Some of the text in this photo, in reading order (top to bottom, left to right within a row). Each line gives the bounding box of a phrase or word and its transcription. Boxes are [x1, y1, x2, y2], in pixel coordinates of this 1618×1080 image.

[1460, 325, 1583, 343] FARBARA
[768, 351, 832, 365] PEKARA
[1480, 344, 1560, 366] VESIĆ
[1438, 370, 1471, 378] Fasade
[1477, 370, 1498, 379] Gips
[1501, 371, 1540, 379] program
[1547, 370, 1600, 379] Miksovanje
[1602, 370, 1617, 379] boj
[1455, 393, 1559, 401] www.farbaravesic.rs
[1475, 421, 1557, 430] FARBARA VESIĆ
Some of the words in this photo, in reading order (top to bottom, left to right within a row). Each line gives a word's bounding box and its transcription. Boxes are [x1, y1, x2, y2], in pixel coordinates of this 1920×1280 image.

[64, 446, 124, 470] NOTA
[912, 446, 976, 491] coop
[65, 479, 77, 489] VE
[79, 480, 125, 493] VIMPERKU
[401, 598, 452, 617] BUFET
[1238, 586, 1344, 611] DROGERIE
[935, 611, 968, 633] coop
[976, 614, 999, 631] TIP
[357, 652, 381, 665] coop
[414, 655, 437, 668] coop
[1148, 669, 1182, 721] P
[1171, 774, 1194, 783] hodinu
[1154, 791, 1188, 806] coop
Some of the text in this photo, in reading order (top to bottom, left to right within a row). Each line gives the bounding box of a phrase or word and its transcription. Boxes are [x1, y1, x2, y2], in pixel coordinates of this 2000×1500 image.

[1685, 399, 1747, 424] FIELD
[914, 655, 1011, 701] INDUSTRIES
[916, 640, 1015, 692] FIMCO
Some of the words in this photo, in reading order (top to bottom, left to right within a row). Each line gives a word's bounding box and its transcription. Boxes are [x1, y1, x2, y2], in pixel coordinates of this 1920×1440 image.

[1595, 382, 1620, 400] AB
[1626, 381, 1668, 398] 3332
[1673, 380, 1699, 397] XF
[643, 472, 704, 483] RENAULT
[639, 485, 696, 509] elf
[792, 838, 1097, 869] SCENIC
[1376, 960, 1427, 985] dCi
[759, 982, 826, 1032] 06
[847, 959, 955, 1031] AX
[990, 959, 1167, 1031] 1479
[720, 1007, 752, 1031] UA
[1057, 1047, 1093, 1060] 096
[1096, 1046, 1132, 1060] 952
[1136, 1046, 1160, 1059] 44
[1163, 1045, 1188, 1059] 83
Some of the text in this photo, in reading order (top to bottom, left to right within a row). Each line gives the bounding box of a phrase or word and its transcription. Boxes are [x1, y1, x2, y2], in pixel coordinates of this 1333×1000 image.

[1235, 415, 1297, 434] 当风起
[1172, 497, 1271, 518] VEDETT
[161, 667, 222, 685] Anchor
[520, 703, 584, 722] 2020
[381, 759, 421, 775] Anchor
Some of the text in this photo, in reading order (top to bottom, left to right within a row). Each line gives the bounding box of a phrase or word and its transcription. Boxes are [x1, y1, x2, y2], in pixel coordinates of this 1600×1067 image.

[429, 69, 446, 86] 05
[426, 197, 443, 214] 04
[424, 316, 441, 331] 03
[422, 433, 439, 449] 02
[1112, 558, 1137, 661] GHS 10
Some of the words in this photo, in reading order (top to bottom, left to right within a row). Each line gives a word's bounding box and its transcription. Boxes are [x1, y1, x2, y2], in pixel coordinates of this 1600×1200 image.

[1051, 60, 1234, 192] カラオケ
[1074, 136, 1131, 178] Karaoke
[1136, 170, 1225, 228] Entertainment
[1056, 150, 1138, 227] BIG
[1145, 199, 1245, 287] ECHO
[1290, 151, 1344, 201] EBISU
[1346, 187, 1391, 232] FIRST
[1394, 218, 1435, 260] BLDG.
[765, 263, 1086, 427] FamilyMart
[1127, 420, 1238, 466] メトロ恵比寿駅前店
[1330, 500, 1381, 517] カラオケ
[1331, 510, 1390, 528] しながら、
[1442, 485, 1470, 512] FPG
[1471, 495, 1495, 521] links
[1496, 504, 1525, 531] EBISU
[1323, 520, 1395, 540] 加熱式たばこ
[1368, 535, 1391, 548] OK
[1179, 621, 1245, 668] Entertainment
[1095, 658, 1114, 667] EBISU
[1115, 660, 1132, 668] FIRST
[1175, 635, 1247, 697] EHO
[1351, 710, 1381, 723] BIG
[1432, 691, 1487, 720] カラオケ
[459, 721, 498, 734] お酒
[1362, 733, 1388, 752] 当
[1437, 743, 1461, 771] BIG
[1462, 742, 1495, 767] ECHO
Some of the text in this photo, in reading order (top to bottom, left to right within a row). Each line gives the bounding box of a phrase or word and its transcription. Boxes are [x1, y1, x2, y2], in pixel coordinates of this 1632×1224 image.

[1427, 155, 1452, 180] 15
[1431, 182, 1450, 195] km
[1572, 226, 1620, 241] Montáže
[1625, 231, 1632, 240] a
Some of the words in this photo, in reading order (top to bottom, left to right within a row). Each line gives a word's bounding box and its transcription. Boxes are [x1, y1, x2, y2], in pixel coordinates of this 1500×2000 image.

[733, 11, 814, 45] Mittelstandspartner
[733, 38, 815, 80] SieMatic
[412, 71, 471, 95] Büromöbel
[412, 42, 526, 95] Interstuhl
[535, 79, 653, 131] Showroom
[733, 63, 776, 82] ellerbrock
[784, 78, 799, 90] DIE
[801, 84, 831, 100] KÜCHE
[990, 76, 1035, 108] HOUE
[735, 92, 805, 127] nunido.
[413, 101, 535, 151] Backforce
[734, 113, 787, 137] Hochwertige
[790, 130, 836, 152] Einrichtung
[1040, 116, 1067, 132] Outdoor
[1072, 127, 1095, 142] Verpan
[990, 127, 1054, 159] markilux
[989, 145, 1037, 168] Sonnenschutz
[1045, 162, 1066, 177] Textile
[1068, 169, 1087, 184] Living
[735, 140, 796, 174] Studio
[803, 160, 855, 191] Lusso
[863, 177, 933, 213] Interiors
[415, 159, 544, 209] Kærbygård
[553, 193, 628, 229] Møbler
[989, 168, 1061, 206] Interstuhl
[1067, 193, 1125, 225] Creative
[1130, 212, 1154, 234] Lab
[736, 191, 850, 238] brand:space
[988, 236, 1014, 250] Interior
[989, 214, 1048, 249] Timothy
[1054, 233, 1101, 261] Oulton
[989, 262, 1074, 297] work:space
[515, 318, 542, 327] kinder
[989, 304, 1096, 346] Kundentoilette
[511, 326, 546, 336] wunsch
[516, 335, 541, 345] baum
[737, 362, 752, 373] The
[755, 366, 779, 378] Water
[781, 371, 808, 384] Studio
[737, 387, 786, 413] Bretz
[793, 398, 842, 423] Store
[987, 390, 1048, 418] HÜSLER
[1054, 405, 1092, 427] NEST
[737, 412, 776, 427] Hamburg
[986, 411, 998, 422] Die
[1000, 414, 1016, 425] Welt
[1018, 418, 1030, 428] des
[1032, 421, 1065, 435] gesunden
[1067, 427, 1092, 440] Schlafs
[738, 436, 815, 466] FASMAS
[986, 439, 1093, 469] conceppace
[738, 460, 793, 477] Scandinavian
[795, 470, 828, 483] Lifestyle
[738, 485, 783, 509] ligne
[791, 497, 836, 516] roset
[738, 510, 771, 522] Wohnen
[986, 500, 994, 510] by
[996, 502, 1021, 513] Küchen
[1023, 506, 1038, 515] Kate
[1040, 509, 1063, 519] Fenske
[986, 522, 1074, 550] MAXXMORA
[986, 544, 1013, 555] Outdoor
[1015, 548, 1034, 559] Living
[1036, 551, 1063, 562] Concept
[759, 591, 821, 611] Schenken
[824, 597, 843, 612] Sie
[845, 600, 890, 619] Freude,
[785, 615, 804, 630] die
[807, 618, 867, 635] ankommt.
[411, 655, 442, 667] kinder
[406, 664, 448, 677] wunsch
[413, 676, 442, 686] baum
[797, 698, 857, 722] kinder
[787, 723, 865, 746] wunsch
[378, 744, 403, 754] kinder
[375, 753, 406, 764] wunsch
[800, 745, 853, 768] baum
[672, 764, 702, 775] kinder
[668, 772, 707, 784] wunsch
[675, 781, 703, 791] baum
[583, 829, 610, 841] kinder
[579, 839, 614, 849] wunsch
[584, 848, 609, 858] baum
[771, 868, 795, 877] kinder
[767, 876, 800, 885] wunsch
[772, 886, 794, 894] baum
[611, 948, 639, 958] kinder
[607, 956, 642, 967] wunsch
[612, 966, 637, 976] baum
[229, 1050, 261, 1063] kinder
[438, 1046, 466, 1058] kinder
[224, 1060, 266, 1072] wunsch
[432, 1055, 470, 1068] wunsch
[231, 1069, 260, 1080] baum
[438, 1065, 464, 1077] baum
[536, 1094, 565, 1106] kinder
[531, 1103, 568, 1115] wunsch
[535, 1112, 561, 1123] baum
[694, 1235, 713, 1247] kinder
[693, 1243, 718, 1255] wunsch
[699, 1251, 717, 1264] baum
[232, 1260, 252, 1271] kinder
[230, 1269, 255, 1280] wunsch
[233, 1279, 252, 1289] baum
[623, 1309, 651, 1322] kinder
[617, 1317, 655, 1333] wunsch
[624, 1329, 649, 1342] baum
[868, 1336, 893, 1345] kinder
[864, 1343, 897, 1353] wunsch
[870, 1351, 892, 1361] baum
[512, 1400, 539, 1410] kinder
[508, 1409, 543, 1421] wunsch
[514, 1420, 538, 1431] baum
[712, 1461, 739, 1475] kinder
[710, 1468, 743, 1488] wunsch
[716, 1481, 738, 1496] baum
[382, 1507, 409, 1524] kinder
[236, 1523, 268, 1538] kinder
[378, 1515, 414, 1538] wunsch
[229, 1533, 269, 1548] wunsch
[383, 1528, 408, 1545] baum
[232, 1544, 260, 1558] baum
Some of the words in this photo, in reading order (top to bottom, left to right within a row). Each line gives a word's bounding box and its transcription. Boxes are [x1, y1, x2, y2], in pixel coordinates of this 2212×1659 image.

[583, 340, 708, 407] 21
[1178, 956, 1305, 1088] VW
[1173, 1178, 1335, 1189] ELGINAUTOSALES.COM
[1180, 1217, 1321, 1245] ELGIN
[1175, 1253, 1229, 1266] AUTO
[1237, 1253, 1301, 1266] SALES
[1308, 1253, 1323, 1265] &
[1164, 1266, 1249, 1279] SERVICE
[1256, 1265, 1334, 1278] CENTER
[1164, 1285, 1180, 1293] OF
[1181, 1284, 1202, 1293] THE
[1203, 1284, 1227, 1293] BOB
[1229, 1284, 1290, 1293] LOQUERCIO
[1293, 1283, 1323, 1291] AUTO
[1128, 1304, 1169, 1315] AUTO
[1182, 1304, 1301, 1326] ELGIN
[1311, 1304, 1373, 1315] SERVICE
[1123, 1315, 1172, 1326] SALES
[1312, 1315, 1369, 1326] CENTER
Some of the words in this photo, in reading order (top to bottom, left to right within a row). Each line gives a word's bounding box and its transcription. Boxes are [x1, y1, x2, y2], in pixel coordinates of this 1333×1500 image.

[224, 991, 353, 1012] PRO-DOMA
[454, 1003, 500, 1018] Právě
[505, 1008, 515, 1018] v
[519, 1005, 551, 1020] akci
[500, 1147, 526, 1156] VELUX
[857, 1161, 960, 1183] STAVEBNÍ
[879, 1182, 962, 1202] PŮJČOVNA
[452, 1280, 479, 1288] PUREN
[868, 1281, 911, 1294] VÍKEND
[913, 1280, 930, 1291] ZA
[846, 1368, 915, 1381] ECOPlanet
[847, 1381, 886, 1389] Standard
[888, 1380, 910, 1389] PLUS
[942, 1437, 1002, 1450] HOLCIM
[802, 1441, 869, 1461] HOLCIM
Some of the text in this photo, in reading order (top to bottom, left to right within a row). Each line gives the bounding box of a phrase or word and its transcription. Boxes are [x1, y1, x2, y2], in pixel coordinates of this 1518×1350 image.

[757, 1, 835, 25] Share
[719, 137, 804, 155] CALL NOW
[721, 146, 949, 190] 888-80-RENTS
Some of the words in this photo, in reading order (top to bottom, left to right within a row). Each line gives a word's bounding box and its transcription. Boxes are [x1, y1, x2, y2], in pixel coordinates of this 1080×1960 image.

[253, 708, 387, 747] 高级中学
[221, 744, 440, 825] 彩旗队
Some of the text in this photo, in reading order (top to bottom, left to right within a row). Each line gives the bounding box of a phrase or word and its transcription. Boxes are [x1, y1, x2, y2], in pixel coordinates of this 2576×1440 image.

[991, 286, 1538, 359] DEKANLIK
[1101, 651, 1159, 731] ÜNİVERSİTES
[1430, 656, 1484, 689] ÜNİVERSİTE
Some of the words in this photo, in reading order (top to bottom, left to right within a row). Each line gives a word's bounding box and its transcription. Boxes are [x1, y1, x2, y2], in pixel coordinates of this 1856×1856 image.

Task:
Give again, exactly, every line from the one holding "this 1080×1960 image." to the last line of the data.

Output below:
Some of the words in this photo, in reading order (top to bottom, left to right within a row). Each line gives a word's bounding box and its transcription. Boxes are [x1, y1, x2, y2], in pixel coordinates of this 1080×1960 image.

[253, 708, 387, 747] 高级中学
[221, 744, 440, 825] 彩旗队
Some of the text in this photo, in reading order (top to bottom, left to right within a row). Each line gives the bounding box of a phrase or word and its transcription. Boxes are [x1, y1, x2, y2], in pixel coordinates of this 2576×1440 image.

[991, 286, 1538, 359] DEKANLIK
[1101, 651, 1159, 731] ÜNİVERSİTES
[1430, 656, 1484, 689] ÜNİVERSİTE
Some of the words in this photo, in reading order (top to bottom, left to right within a row). Each line gives a word's bounding box and its transcription. Boxes are [x1, y1, x2, y2], in pixel coordinates of this 1856×1856 image.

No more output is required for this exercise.